#### [RECORDS FOR THE TASK]
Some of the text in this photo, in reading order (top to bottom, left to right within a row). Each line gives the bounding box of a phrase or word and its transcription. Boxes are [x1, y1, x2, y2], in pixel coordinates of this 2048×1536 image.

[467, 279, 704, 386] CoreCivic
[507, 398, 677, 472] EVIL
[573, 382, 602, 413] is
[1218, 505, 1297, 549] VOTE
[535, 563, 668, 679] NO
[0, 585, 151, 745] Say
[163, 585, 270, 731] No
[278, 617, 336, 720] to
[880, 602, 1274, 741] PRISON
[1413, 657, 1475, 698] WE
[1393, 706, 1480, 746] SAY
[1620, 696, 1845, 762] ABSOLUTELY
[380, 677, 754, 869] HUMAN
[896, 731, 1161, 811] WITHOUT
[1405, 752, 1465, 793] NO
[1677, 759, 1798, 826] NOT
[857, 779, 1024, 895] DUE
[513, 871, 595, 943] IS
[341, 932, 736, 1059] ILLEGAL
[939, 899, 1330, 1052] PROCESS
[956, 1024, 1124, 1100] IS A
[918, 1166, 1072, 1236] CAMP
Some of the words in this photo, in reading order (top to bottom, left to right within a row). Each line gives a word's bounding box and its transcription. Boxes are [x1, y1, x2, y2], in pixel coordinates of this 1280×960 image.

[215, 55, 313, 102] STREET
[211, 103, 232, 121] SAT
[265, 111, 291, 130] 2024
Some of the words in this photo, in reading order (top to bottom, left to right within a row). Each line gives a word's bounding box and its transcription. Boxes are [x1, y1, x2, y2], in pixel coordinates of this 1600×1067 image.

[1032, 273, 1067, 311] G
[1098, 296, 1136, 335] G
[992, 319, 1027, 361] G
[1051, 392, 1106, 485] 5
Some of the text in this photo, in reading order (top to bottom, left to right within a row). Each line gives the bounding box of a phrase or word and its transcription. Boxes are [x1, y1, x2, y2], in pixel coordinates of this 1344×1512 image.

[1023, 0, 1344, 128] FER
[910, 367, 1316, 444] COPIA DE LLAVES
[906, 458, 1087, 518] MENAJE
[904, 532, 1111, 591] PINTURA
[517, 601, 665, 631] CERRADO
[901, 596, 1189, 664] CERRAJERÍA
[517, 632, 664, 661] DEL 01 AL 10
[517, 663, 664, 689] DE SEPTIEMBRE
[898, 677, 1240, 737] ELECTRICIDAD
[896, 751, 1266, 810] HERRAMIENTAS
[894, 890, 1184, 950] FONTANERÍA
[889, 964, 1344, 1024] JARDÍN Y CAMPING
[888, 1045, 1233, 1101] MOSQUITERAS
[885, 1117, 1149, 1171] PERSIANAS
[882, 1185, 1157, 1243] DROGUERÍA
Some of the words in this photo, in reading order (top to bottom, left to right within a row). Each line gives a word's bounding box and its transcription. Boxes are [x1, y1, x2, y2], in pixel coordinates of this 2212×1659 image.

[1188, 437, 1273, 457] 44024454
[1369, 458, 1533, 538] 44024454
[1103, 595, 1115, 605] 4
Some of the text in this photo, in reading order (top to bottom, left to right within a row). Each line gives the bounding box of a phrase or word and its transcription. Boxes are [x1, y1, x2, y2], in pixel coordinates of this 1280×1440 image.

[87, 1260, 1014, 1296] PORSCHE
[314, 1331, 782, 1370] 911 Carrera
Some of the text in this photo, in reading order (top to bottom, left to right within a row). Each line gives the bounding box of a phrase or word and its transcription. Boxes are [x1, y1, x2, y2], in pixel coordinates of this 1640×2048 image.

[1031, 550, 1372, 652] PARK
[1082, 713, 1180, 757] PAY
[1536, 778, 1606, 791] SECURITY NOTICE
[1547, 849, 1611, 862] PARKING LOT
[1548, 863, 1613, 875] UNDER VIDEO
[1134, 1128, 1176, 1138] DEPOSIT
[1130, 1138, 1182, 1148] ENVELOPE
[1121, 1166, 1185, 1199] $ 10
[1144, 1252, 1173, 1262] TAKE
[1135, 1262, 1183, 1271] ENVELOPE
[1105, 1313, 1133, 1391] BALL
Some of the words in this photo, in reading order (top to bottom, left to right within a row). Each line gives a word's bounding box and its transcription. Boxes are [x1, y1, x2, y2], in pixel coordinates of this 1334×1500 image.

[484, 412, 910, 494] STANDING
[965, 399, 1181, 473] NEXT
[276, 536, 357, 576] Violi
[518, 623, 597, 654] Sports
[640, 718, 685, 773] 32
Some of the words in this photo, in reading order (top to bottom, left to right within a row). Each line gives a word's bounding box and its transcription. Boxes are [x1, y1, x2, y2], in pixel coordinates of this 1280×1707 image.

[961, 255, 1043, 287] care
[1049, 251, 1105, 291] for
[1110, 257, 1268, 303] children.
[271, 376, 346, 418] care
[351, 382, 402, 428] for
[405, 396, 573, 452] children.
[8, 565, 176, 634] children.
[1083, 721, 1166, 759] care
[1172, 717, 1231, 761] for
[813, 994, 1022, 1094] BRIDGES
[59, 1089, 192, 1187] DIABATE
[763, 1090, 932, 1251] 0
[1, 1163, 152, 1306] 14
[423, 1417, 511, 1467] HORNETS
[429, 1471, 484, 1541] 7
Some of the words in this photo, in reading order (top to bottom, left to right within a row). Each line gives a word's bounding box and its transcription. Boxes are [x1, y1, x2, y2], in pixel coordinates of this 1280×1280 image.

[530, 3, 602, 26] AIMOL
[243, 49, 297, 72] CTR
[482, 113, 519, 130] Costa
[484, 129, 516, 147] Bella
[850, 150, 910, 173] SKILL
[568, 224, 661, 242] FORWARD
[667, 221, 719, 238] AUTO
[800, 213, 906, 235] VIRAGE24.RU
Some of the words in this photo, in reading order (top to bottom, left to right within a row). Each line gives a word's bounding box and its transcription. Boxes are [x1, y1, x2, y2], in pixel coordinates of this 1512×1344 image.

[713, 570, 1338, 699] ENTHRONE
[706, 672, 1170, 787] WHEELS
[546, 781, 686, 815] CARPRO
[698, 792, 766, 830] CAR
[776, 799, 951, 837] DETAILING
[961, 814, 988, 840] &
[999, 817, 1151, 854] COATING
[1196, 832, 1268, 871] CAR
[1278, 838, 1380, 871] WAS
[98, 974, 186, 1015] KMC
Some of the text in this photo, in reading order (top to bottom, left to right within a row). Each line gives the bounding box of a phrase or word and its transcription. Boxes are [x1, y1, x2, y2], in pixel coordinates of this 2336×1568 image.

#### [WHAT YOU ARE ASKED TO DO]
For this exercise, transcribe the whole listing verbatim.

#### [TASK RESPONSE]
Some of the text in this photo, in reading order (top to bottom, left to right within a row). Each line gives the bounding box of a phrase or word and its transcription. Boxes are [x1, y1, x2, y2], in pixel coordinates of this 2048×1536 image.

[467, 279, 704, 386] CoreCivic
[507, 398, 677, 472] EVIL
[573, 382, 602, 413] is
[1218, 505, 1297, 549] VOTE
[535, 563, 668, 679] NO
[0, 585, 151, 745] Say
[163, 585, 270, 731] No
[278, 617, 336, 720] to
[880, 602, 1274, 741] PRISON
[1413, 657, 1475, 698] WE
[1393, 706, 1480, 746] SAY
[1620, 696, 1845, 762] ABSOLUTELY
[380, 677, 754, 869] HUMAN
[896, 731, 1161, 811] WITHOUT
[1405, 752, 1465, 793] NO
[1677, 759, 1798, 826] NOT
[857, 779, 1024, 895] DUE
[513, 871, 595, 943] IS
[341, 932, 736, 1059] ILLEGAL
[939, 899, 1330, 1052] PROCESS
[956, 1024, 1124, 1100] IS A
[918, 1166, 1072, 1236] CAMP
Some of the words in this photo, in reading order (top to bottom, left to right within a row). Each line gives a word's bounding box and its transcription. Boxes are [x1, y1, x2, y2], in pixel coordinates of this 1280×960 image.

[215, 55, 313, 102] STREET
[211, 103, 232, 121] SAT
[265, 111, 291, 130] 2024
Some of the words in this photo, in reading order (top to bottom, left to right within a row). Each line gives a word's bounding box and its transcription. Boxes are [x1, y1, x2, y2], in pixel coordinates of this 1600×1067 image.

[1032, 273, 1067, 311] G
[1098, 296, 1136, 335] G
[992, 319, 1027, 361] G
[1051, 392, 1106, 485] 5
Some of the text in this photo, in reading order (top to bottom, left to right within a row). Each line gives the bounding box of a phrase or word and its transcription. Boxes are [x1, y1, x2, y2], in pixel coordinates of this 1344×1512 image.

[1023, 0, 1344, 128] FER
[910, 367, 1316, 444] COPIA DE LLAVES
[906, 458, 1087, 518] MENAJE
[904, 532, 1111, 591] PINTURA
[517, 601, 665, 631] CERRADO
[901, 596, 1189, 664] CERRAJERÍA
[517, 632, 664, 661] DEL 01 AL 10
[517, 663, 664, 689] DE SEPTIEMBRE
[898, 677, 1240, 737] ELECTRICIDAD
[896, 751, 1266, 810] HERRAMIENTAS
[894, 890, 1184, 950] FONTANERÍA
[889, 964, 1344, 1024] JARDÍN Y CAMPING
[888, 1045, 1233, 1101] MOSQUITERAS
[885, 1117, 1149, 1171] PERSIANAS
[882, 1185, 1157, 1243] DROGUERÍA
Some of the words in this photo, in reading order (top to bottom, left to right within a row). Each line gives a word's bounding box and its transcription. Boxes are [x1, y1, x2, y2], in pixel coordinates of this 2212×1659 image.

[1188, 437, 1273, 457] 44024454
[1369, 458, 1533, 538] 44024454
[1103, 595, 1115, 605] 4
Some of the text in this photo, in reading order (top to bottom, left to right within a row). Each line gives the bounding box of a phrase or word and its transcription. Boxes are [x1, y1, x2, y2], in pixel coordinates of this 1280×1440 image.

[87, 1260, 1014, 1296] PORSCHE
[314, 1331, 782, 1370] 911 Carrera
Some of the text in this photo, in reading order (top to bottom, left to right within a row). Each line gives the bounding box of a phrase or word and its transcription. Boxes are [x1, y1, x2, y2], in pixel coordinates of this 1640×2048 image.

[1031, 550, 1372, 652] PARK
[1082, 713, 1180, 757] PAY
[1536, 778, 1606, 791] SECURITY NOTICE
[1547, 849, 1611, 862] PARKING LOT
[1548, 863, 1613, 875] UNDER VIDEO
[1134, 1128, 1176, 1138] DEPOSIT
[1130, 1138, 1182, 1148] ENVELOPE
[1121, 1166, 1185, 1199] $ 10
[1144, 1252, 1173, 1262] TAKE
[1135, 1262, 1183, 1271] ENVELOPE
[1105, 1313, 1133, 1391] BALL
Some of the words in this photo, in reading order (top to bottom, left to right within a row). Each line gives a word's bounding box and its transcription. Boxes are [x1, y1, x2, y2], in pixel coordinates of this 1334×1500 image.

[484, 412, 910, 494] STANDING
[965, 399, 1181, 473] NEXT
[276, 536, 357, 576] Violi
[518, 623, 597, 654] Sports
[640, 718, 685, 773] 32
Some of the words in this photo, in reading order (top to bottom, left to right within a row). Each line gives a word's bounding box and its transcription. Boxes are [x1, y1, x2, y2], in pixel coordinates of this 1280×1707 image.

[961, 255, 1043, 287] care
[1049, 251, 1105, 291] for
[1110, 257, 1268, 303] children.
[271, 376, 346, 418] care
[351, 382, 402, 428] for
[405, 396, 573, 452] children.
[8, 565, 176, 634] children.
[1083, 721, 1166, 759] care
[1172, 717, 1231, 761] for
[813, 994, 1022, 1094] BRIDGES
[59, 1089, 192, 1187] DIABATE
[763, 1090, 932, 1251] 0
[1, 1163, 152, 1306] 14
[423, 1417, 511, 1467] HORNETS
[429, 1471, 484, 1541] 7
Some of the words in this photo, in reading order (top to bottom, left to right within a row). Each line gives a word's bounding box and its transcription. Boxes are [x1, y1, x2, y2], in pixel coordinates of this 1280×1280 image.

[530, 3, 602, 26] AIMOL
[243, 49, 297, 72] CTR
[482, 113, 519, 130] Costa
[484, 129, 516, 147] Bella
[850, 150, 910, 173] SKILL
[568, 224, 661, 242] FORWARD
[667, 221, 719, 238] AUTO
[800, 213, 906, 235] VIRAGE24.RU
Some of the words in this photo, in reading order (top to bottom, left to right within a row). Each line gives a word's bounding box and its transcription. Boxes are [x1, y1, x2, y2], in pixel coordinates of this 1512×1344 image.

[713, 570, 1338, 699] ENTHRONE
[706, 672, 1170, 787] WHEELS
[546, 781, 686, 815] CARPRO
[698, 792, 766, 830] CAR
[776, 799, 951, 837] DETAILING
[961, 814, 988, 840] &
[999, 817, 1151, 854] COATING
[1196, 832, 1268, 871] CAR
[1278, 838, 1380, 871] WAS
[98, 974, 186, 1015] KMC
Some of the text in this photo, in reading order (top to bottom, left to right within a row). Each line gives the bounding box of a phrase or word and its transcription. Boxes are [x1, y1, x2, y2], in pixel coordinates of this 2336×1568 image.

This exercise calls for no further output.